_Work instruction_
Copy out once more, exactly, the line with "this 1500×919 image." and all the lines after it, up to the last line of the data.

_Entries shown_
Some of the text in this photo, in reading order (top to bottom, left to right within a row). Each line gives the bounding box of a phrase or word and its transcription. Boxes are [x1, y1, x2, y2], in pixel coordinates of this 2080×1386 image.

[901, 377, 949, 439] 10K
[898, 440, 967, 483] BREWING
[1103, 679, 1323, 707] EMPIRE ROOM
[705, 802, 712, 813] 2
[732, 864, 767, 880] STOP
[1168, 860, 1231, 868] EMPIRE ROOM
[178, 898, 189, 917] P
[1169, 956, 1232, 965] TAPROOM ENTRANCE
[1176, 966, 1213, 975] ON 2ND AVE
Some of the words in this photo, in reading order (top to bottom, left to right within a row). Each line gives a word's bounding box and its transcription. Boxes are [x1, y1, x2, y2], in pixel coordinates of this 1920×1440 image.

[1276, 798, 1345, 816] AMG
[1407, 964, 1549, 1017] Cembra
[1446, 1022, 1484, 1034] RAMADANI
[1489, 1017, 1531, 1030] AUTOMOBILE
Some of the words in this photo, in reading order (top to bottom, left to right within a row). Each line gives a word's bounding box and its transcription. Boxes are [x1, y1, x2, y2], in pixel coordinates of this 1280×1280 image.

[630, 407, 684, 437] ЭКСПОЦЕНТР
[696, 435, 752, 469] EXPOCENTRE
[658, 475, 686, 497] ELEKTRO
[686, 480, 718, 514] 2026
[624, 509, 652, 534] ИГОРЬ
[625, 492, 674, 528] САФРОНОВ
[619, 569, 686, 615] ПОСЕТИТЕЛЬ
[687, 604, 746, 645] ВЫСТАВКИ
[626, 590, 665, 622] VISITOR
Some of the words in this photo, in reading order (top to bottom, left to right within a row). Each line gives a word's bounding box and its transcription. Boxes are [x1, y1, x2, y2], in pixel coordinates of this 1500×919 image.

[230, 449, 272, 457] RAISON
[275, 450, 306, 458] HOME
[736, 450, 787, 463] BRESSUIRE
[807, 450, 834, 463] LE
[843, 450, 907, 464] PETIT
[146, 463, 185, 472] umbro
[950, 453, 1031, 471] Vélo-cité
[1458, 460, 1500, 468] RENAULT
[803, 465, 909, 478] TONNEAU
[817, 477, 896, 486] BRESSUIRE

_Written solution_
Some of the words in this photo, in reading order (top to bottom, left to right within a row). Each line gives a word's bounding box and its transcription. Boxes are [x1, y1, x2, y2], in pixel coordinates of this 1500×919 image.

[230, 449, 272, 457] RAISON
[275, 450, 306, 458] HOME
[736, 450, 787, 463] BRESSUIRE
[807, 450, 834, 463] LE
[843, 450, 907, 464] PETIT
[146, 463, 185, 472] umbro
[950, 453, 1031, 471] Vélo-cité
[1458, 460, 1500, 468] RENAULT
[803, 465, 909, 478] TONNEAU
[817, 477, 896, 486] BRESSUIRE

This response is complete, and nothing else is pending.